Leave out the images and transcribe the entries below word for word.
[Start of Attachment]
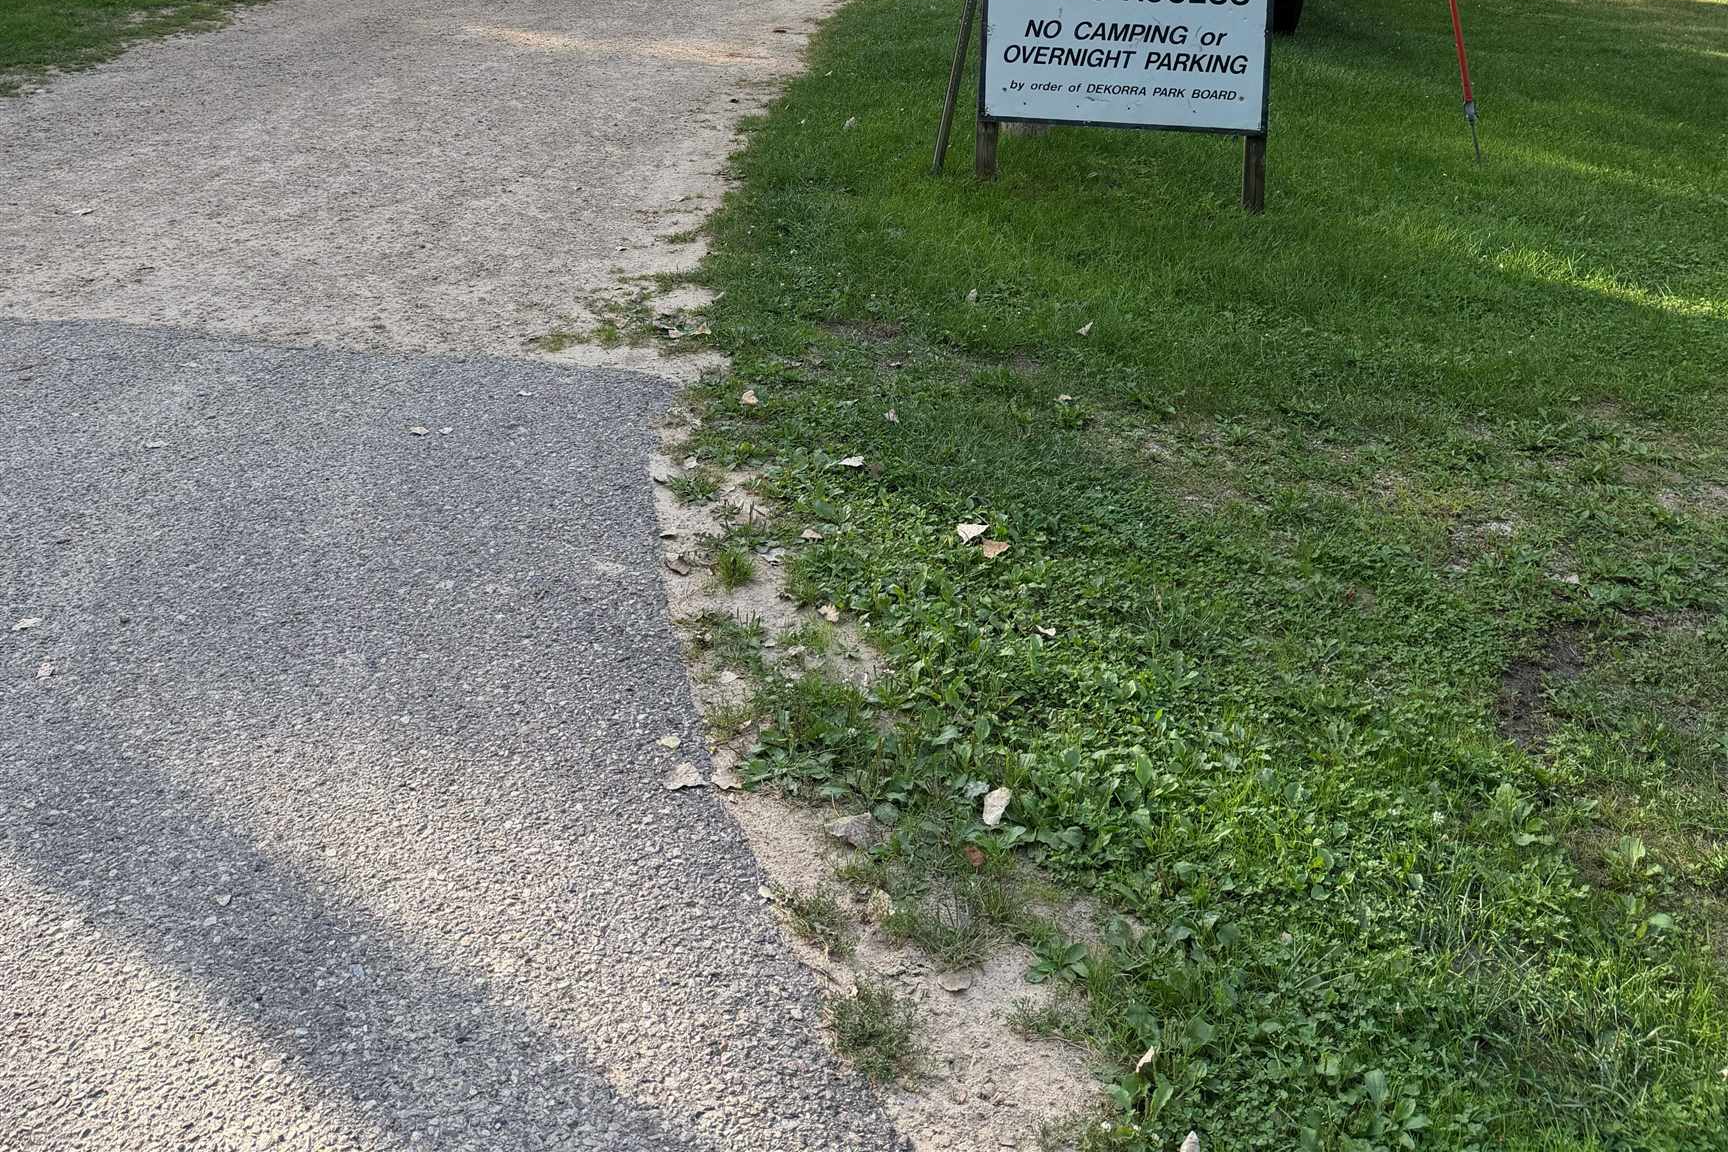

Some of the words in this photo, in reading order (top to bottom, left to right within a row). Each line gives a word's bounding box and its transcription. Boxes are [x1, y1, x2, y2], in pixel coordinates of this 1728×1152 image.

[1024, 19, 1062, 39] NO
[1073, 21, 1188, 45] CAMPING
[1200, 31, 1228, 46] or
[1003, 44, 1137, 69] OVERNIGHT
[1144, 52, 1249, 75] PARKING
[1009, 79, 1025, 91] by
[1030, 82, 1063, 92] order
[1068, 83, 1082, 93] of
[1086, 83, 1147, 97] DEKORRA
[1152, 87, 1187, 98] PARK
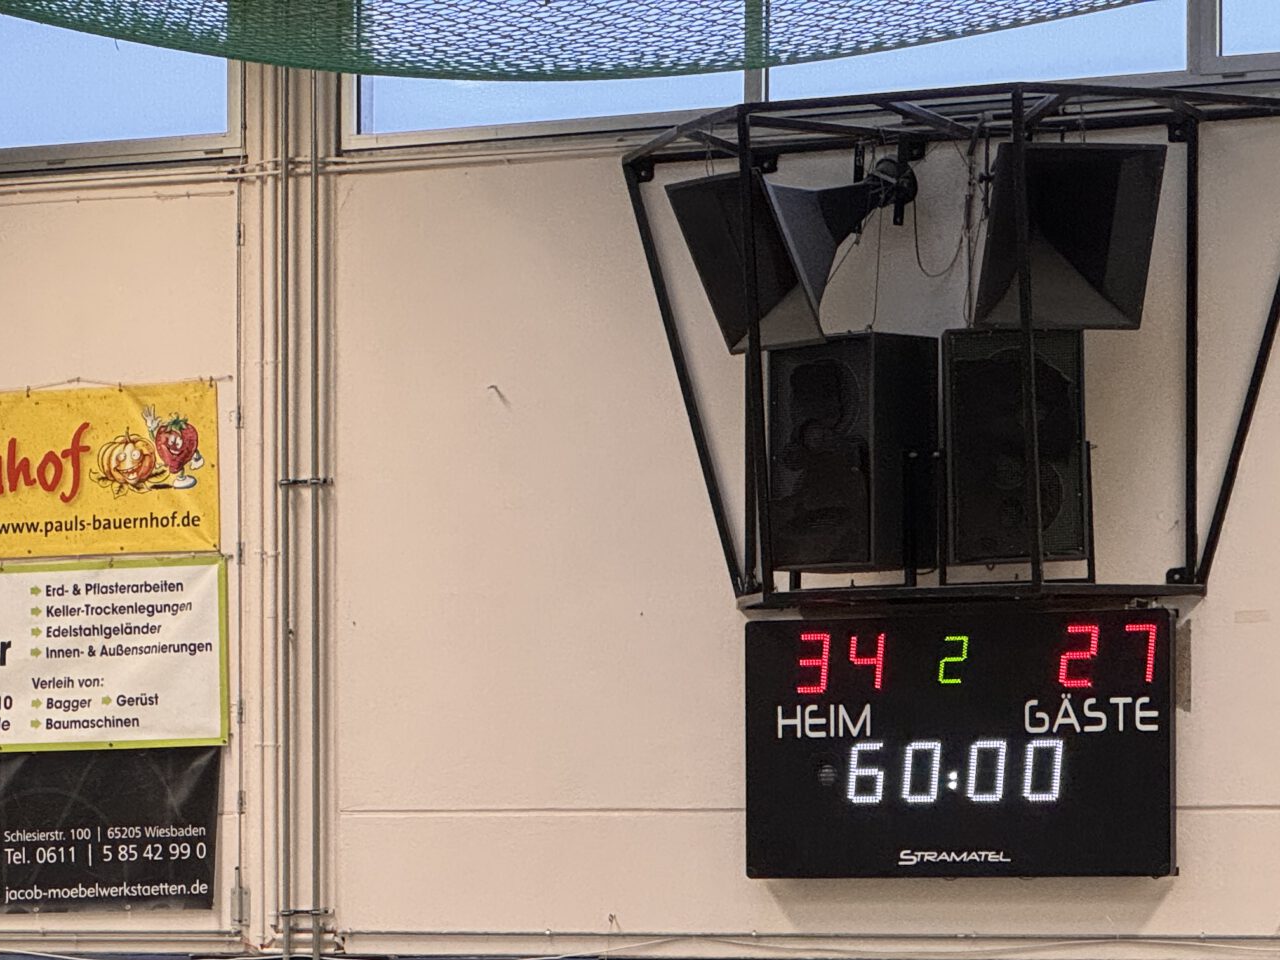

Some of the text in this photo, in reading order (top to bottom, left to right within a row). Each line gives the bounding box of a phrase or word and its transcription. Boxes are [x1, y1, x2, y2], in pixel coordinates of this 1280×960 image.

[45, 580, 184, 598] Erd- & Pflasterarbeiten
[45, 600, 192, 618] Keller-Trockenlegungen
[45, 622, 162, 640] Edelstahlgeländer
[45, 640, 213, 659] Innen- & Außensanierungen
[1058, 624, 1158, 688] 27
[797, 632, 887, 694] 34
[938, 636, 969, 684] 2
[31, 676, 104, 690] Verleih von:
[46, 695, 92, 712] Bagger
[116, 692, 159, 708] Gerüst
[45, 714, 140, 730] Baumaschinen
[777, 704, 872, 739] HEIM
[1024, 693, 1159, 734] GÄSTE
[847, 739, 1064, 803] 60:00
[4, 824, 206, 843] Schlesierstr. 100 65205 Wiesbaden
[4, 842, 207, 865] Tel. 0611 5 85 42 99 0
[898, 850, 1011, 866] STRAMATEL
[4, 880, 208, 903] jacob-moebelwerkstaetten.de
[End of Attachment]
ANSWER FOR THIS EXERCISE =>
Some of the words in this photo, in reading order (top to bottom, left to right within a row). Each line gives a word's bounding box and its transcription. Boxes are [x1, y1, x2, y2], in pixel coordinates of this 1728×1152 image.

[1024, 19, 1062, 39] NO
[1073, 21, 1188, 45] CAMPING
[1200, 31, 1228, 46] or
[1003, 44, 1137, 69] OVERNIGHT
[1144, 52, 1249, 75] PARKING
[1009, 79, 1025, 91] by
[1030, 82, 1063, 92] order
[1068, 83, 1082, 93] of
[1086, 83, 1147, 97] DEKORRA
[1152, 87, 1187, 98] PARK

Some of the text in this photo, in reading order (top to bottom, left to right within a row). Each line gives the bounding box of a phrase or word and its transcription. Boxes are [x1, y1, x2, y2], in pixel coordinates of this 1280×960 image.

[45, 580, 184, 598] Erd- & Pflasterarbeiten
[45, 600, 192, 618] Keller-Trockenlegungen
[45, 622, 162, 640] Edelstahlgeländer
[45, 640, 213, 659] Innen- & Außensanierungen
[1058, 624, 1158, 688] 27
[797, 632, 887, 694] 34
[938, 636, 969, 684] 2
[31, 676, 104, 690] Verleih von:
[46, 695, 92, 712] Bagger
[116, 692, 159, 708] Gerüst
[45, 714, 140, 730] Baumaschinen
[777, 704, 872, 739] HEIM
[1024, 693, 1159, 734] GÄSTE
[847, 739, 1064, 803] 60:00
[4, 824, 206, 843] Schlesierstr. 100 65205 Wiesbaden
[4, 842, 207, 865] Tel. 0611 5 85 42 99 0
[898, 850, 1011, 866] STRAMATEL
[4, 880, 208, 903] jacob-moebelwerkstaetten.de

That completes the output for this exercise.